Niemcy planują zakazać stosowania glifosatu
– Niemiecki rząd zamierza całkowicie zakazać stosowania glifosatu po 31 grudnia 2023 r. W tym czasie wygasa również europejskie zezwolenie na glifosat i państwa członkowskie muszą podjąć decyzję ponownie. Głos Niemiec wydaje się już jasny – zauważa NFO.
Zakaz stosowania glifosatu jest częścią niemieckiego programu mającego na celu ochronę owadów. Plan przewiduje między innymi zakaz używania środków opartych na tej substancji w miejscach publicznych i przez osoby prywatne od 2020 roku.
Tymczasem, Paryż, Lille, Nantes, Grenoble i Clermont-Ferrand ogłosiły całkowity zakaz stosowania pestycydów na terenie miast. Kilkadziesiąt mniejszych gmin wiejskich we Francji dyskutowało niedawno, aby zakazać stosowania środków ochrony roślin w pobliżu domów. Burmistrz Bretanii jako pierwszy ogłosił taki zakaz, lecz został on odwołany. Francuski sędzia orzekł, że gminy nie mogą wprowadzić takiego zakazu. Pięć wyżej wymienionych miast swoim działaniem chcą wspierać burmistrza, o którym mowa. „Francuskie prawo musi stać się surowsze, jeśli chodzi o środki ochrony roślin” – czytamy w komunikacie.

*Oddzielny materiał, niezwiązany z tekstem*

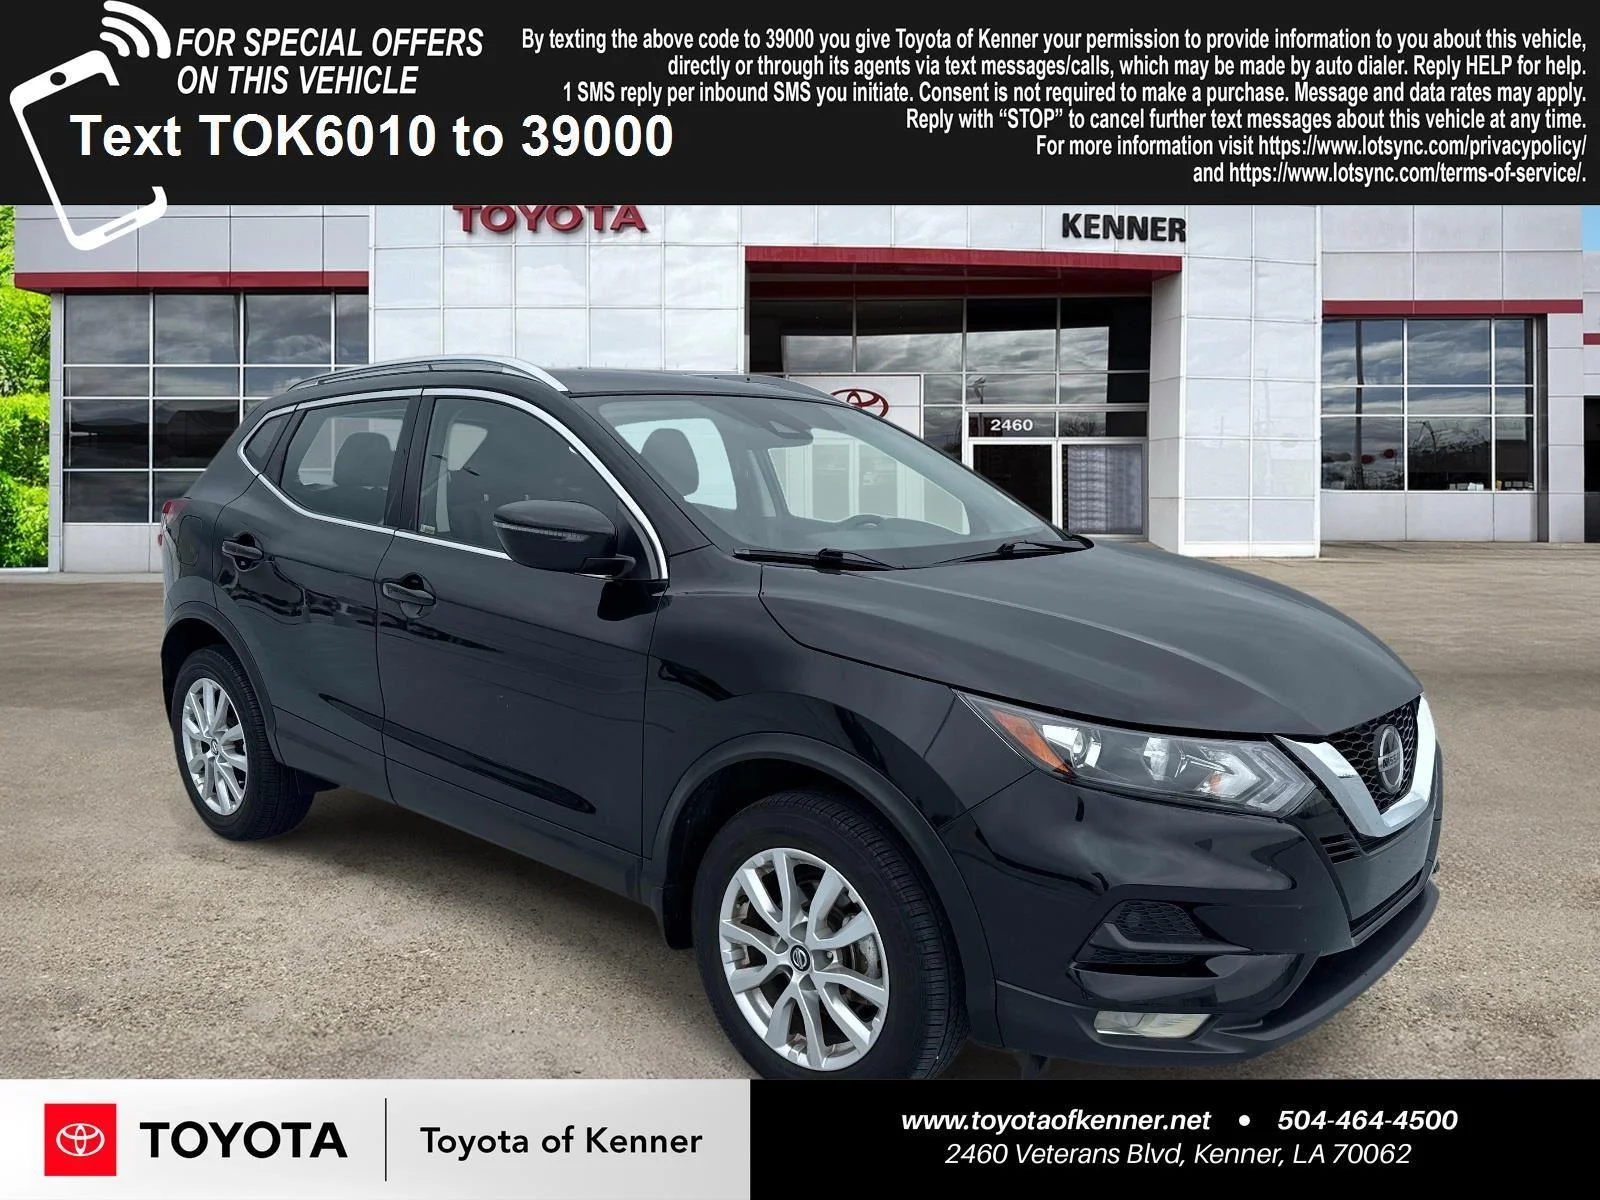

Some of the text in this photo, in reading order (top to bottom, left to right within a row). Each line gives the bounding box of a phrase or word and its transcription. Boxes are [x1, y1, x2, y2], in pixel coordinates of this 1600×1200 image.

[453, 205, 647, 232] TOYOTA
[1062, 213, 1186, 242] KENNER
[991, 418, 1034, 432] 2460
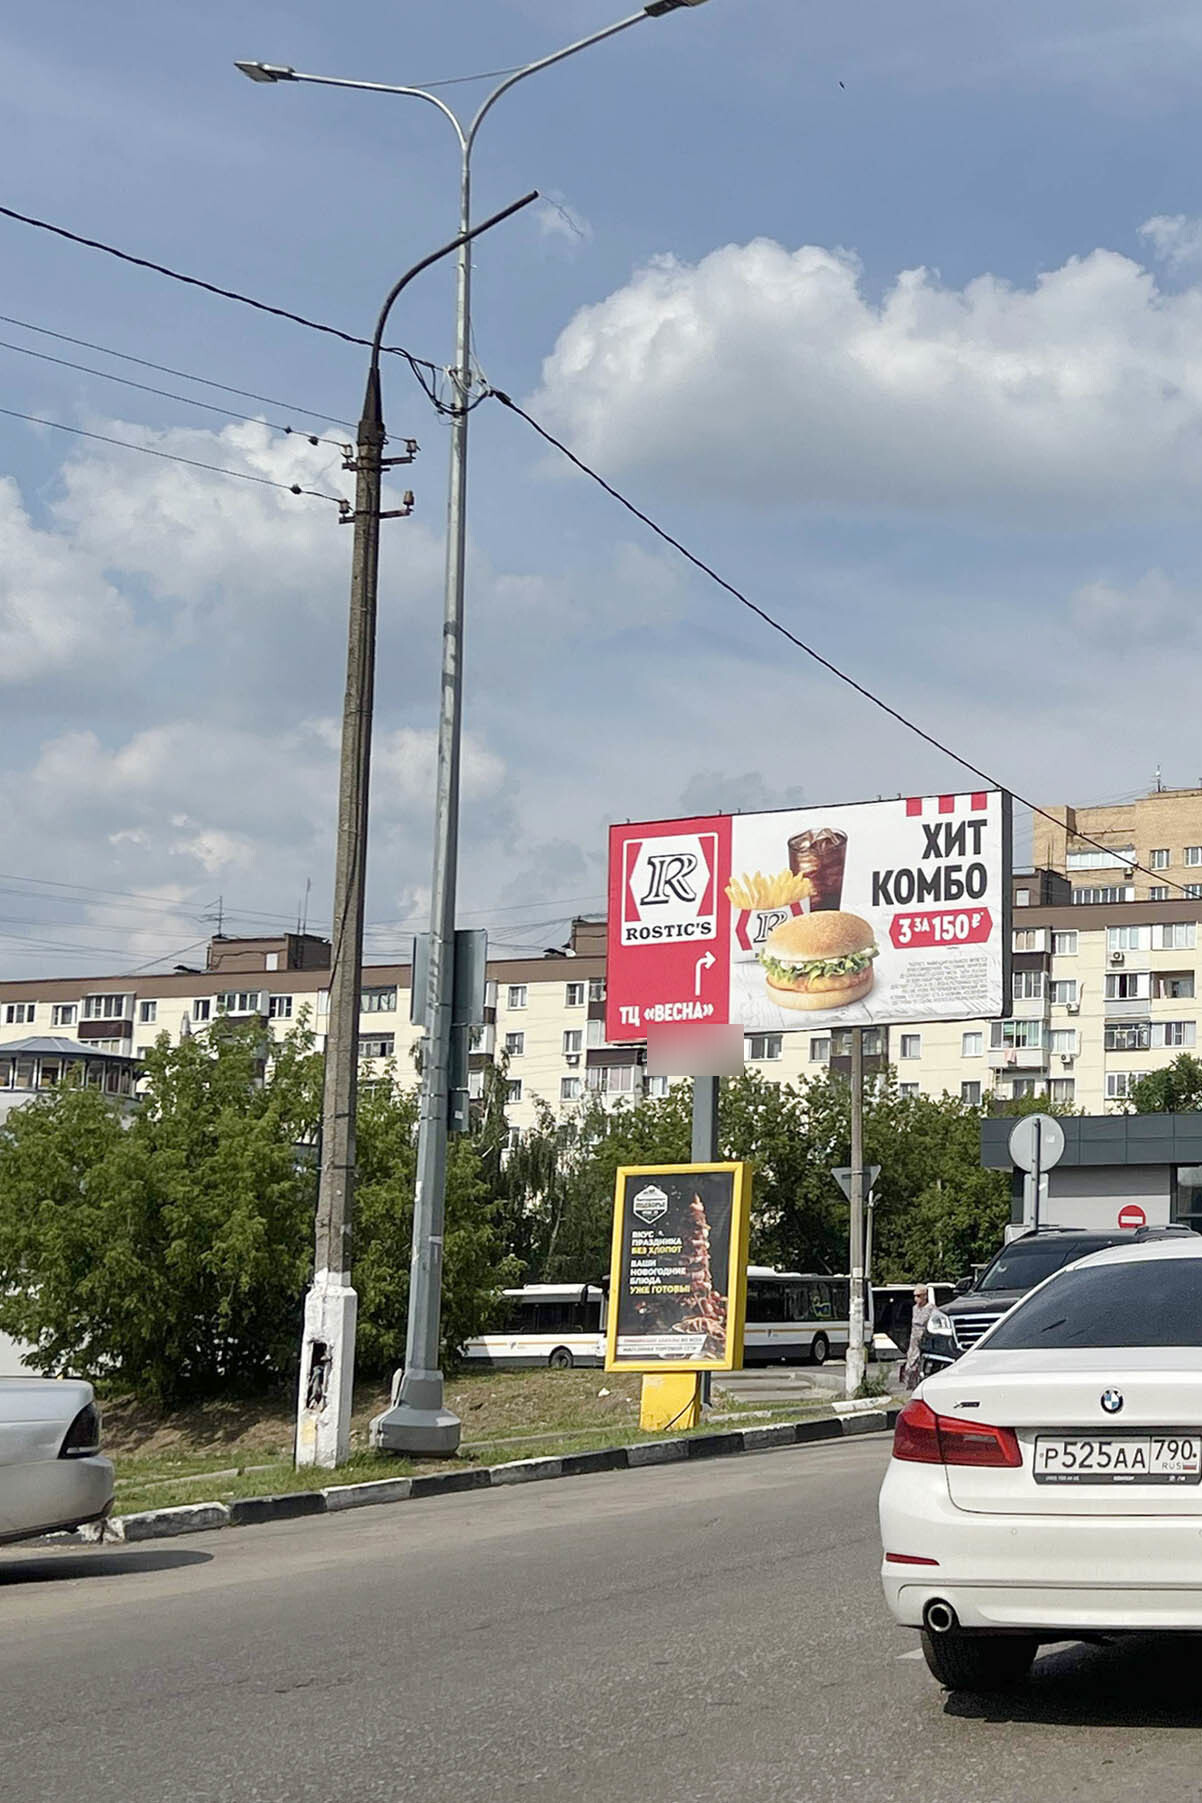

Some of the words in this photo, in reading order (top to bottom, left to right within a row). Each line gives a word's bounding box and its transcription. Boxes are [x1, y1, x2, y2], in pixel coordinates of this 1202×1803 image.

[921, 818, 988, 860] ХИТ
[871, 861, 988, 907] КОМБО
[625, 921, 712, 941] ROSTIC'S
[897, 917, 913, 944] 3
[619, 1004, 641, 1027] ТЦ
[643, 1001, 715, 1023] «ВЕСНА»
[631, 1237, 683, 1247] ПРАЗДНИКА
[648, 1246, 683, 1254] ХЛОПОТ
[630, 1267, 687, 1277] НОВОГОДНИЕ
[630, 1276, 662, 1286] БЛЮДА
[630, 1285, 650, 1295] УЖЕ
[1153, 1439, 1194, 1461] 790
[1161, 1461, 1182, 1471] RUS
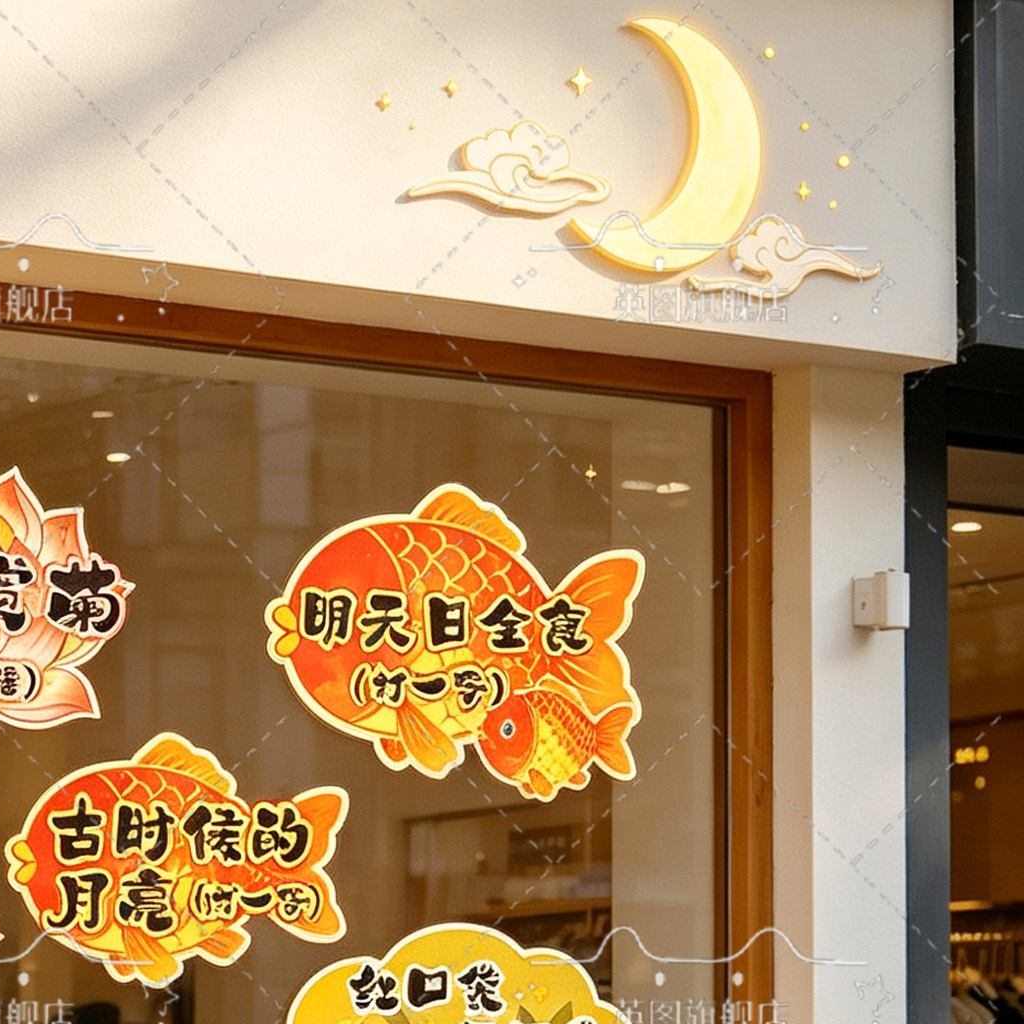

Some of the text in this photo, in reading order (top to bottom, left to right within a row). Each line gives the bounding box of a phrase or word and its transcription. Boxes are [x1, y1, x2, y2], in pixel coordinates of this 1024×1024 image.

Działania dużych miast są raczej symboliczne. W końcu prawo zabrania od 2017 roku używania produktów chemicznych do utrzymania zielonych stref i dróg. Od stycznia zakaz obowiązuje również osoby prywatne i ogrodników-amatorów, którym wolno stosować wyłącznie środki ochrony roślin naturalnego pochodzenia.
Gdyby gminom zezwolono na wprowadzenie zakazu, ich wpływ na rolnictwo byłby znacznie większy.
Źródło: vilt.be, nfo
Komentarze
Pytanie czy środki które mogą go zastąpić w przyszłości nie okażą się jeszcze bardziej toksyczne.
Mechaniczna uprawa przez 6 miesięcy w roku to żadna ekologia tylko gigantyczne zużycie paliwa.
A międzyżędzia dziabeczką za 8 gr
99%soi jest GMO...kukurydza i zboża też w większości GMO i lane sa z góry glifosatem....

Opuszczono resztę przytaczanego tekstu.